E com a soja chegando a valores históricos, o produtor, os técnicos e demais profissionais da área devem buscar soluções para esses desafios, afinal qualquer perda é extremamente significativa para a lucratividade do negócio.

Desafios da produção

Não é exagero dizer que o terror dos sojicultores brasileiros tem sido, há alguns anos, a ferrugem asiática. Causadora de desfolha precoce, a doença impede a completa formação dos grãos, podendo chegar à perda total da lavoura a depender da severidade. Para o controle da ferrugem, além da utilização de defensivos agrícolas, medidas legislativas e resistência genéticas são utilizadas em busca de uma maior eficiência do manejo fitossanitário.

Outro problema extremamente significativo, principalmente para produção de sementes de soja, é o ataque de percevejos. Esta praga é problema principalmente após o início da fase de formação de vagens, pois ocasionam danos efetivos aos grãos. Outro grande problema também está ligado ao comprometimento da qualidade e vigor do lote de sementes que tenha ataques de percevejos. Por isso, é extremamente importante a correta utilização do manejo de pragas para a manutenção da população de percevejos abaixo do nível de controle e dentro de limites suportáveis ao produtor.

Um outro grande desafio para a cultura da soja é o comprometimento do rendimento dos grãos por conta de nematoides. E a imensa variedade desses vermes registrada para a cultura da soja causa um aumento da complexidade desse manejo. Nesse caso, estratégias de controle devem ser constantes durante a safra e a entressafra.

Quando se fala em plantas daninhas, lembramos de um problema crescente em diversas culturas. Na soja não seria diferente. E, em muitos casos, essas plantas daninhas são resistentes a diversos herbicidas, dificultando e encarecendo o manejo e o custo de produção geral da lavoura.

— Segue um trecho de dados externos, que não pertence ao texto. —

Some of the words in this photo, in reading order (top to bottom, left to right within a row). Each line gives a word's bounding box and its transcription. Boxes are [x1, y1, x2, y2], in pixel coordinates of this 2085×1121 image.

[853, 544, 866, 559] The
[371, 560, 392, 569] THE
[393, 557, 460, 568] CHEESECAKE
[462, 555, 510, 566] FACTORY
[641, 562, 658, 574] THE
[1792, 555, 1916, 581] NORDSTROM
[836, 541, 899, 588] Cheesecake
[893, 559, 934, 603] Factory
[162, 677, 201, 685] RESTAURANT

Já fora do aspecto fitossanitário, o manejo do solo também é um grande desafio quando se fala em produção de soja no Brasil. Com a intensificação da produção em áreas agrícolas e a utilização constante de sistemas sucessórios pouco diversos, há uma redução da qualidade e da conservação do solo. E isso compromete diretamente a sustentabilidade do sistema produtivo.

Toda essa condição desfavorável do solo intensifica também a suscetibilidade das plantas à condições de seca e déficit hídrico, que são muito comuns em condições brasileiras.

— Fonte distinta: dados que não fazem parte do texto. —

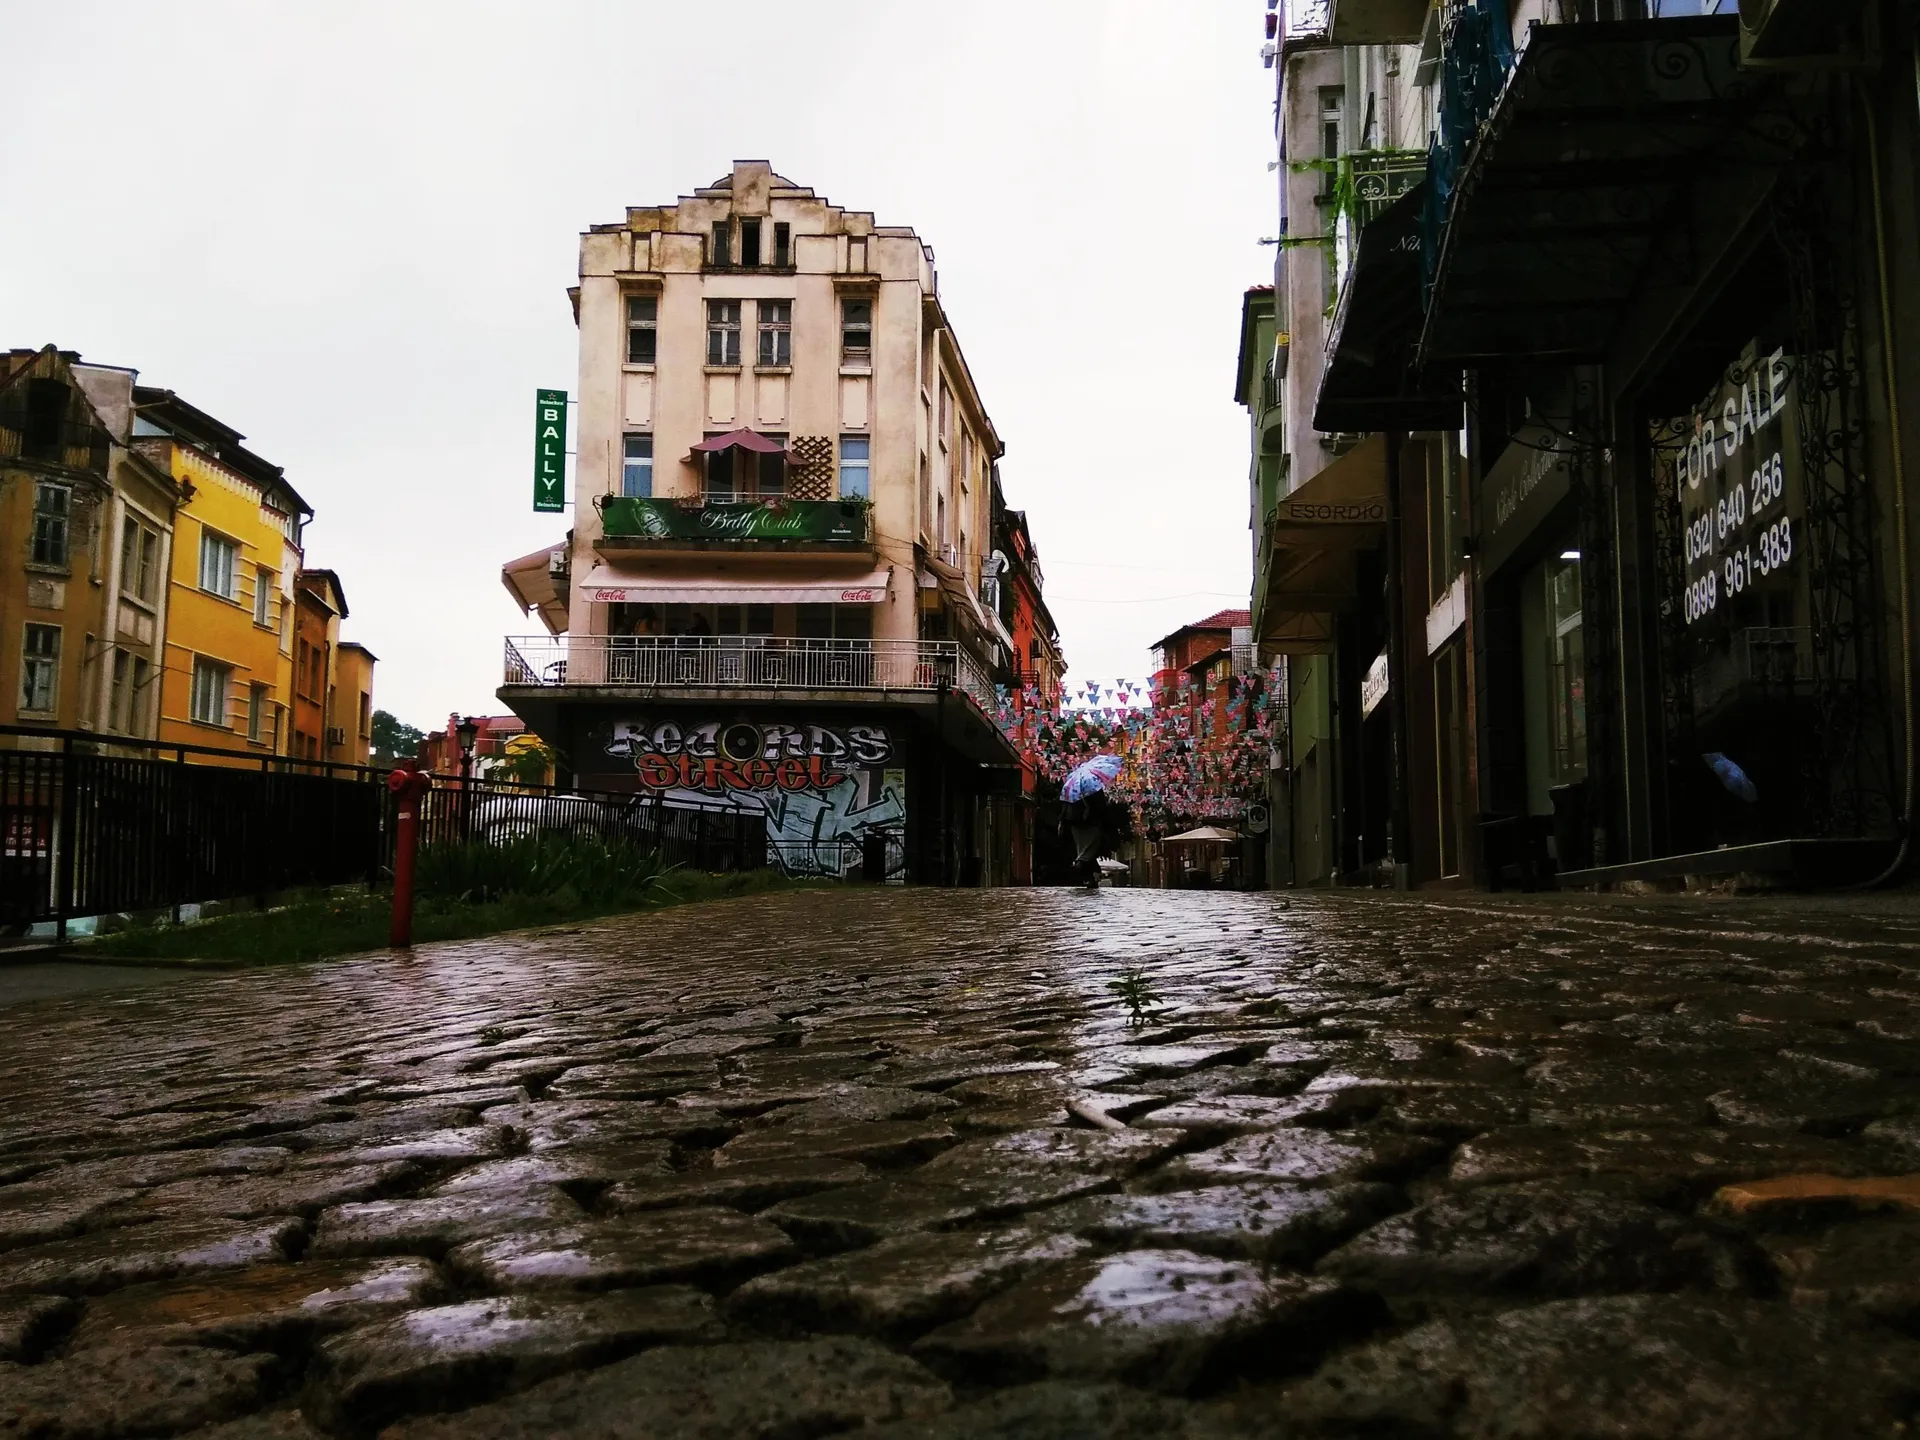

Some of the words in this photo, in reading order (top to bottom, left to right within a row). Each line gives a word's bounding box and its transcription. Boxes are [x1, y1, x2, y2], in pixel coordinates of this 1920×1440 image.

[542, 408, 559, 491] BALLY
[1676, 419, 1717, 502] FOR
[1723, 345, 1786, 457] SALE
[700, 508, 758, 537] Bally
[1290, 504, 1383, 520] ESORDIO
[1717, 483, 1745, 540] 640
[1751, 452, 1783, 516] 256
[1684, 570, 1716, 625] 0899
[1725, 516, 1792, 598] 961-383

Gestão de risco na cultura da soja

Diante de todos esses desafios, temos ainda mais certeza que a produção de soja é uma atividade repleta de riscos. Assim como a agricultura no geral, a cultura da soja é uma cultura de altos investimentos. E não é à toa que é uma atividade rodeada de riscos, desde fatores climáticos, problemas fitossanitários até instabilidade de preços. Cada vez mais, a atividade agrícola demanda investimentos altíssimos de capital e isso faz com que a gestão de risco se torne cada vez mais inseparável da atividade. Essa gestão de risco deve ser pensada e elaborada analisando a probabilidade da ocorrência de determinado evento e a severidade dos impactos desse evento.

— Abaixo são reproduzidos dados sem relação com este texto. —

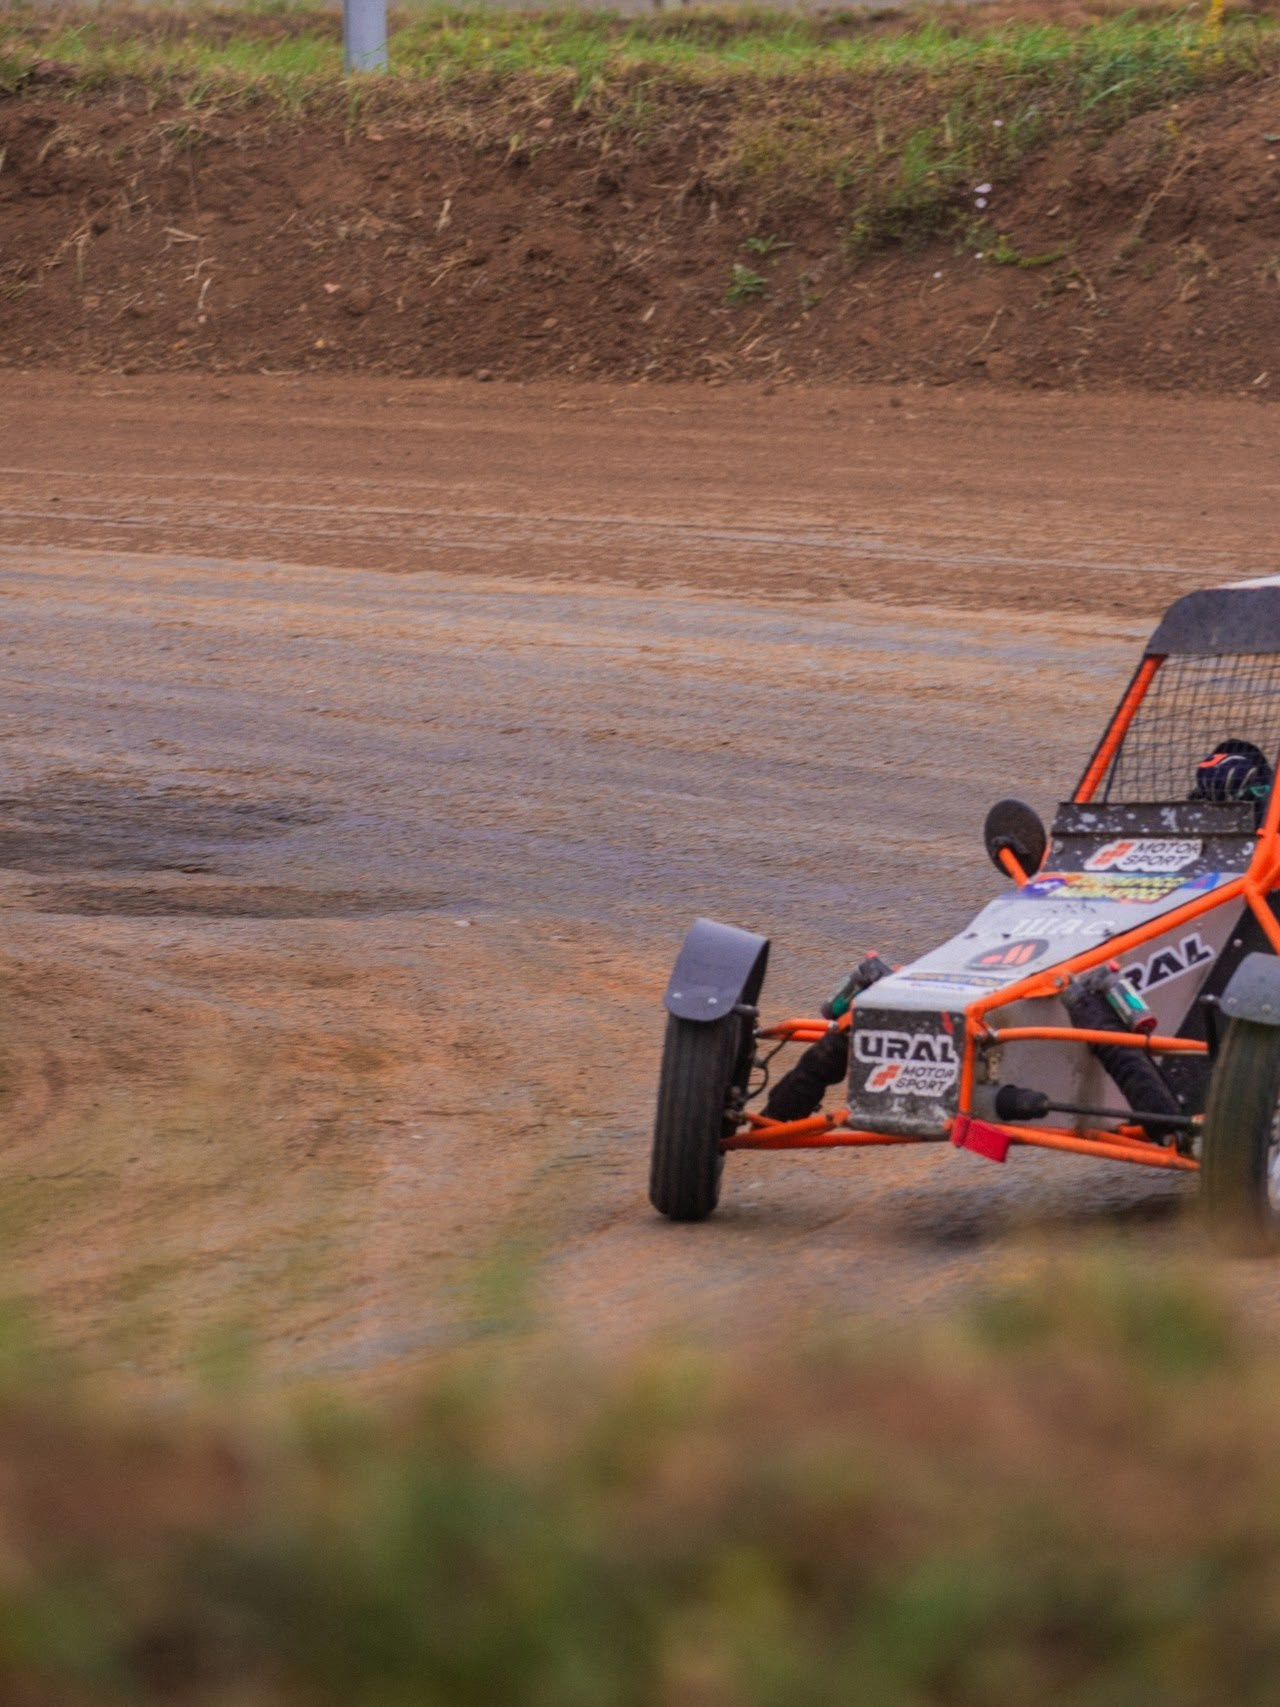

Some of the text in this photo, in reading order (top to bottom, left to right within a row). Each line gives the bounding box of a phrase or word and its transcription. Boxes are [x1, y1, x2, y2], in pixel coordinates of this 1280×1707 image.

[1135, 842, 1200, 854] MOTOR
[1122, 854, 1190, 866] SPORT
[1123, 938, 1212, 992] RAL
[861, 1035, 955, 1063] URAL
[902, 1065, 955, 1079] MOTOR
[895, 1078, 947, 1092] SPORT

A partir daí, a gestão de risco possui três principais ferramentas de gestão, sendo elas: prevenção ou mitigação; transferência; e enfrentamento ou resposta. Dentro destas duas últimas modalidades temos como exemplo, o Seguro Rural e o Programa Garantia Safra, respectivamente.

De acordo com a It’sSeg, o Seguro Rural é a opção mais vantajosa para quem investe diariamente seus recursos, tempo e dedicação no agronegócio. E por isso podemos destacar uma série de benefícios:

O Seguro Agrícola, uma modalidade dentro do seguro rural, cobre basicamente a vida da planta, desde seu nascimento até a colheita, evitando prejuízos causados pela maioria dos riscos meteorológicos. Esse tipo de cobertura também é utilizado para assegurar o faturamento. Em caso de variação da produção ou oscilação dos preços de comercialização, a receita das vendas continua protegida.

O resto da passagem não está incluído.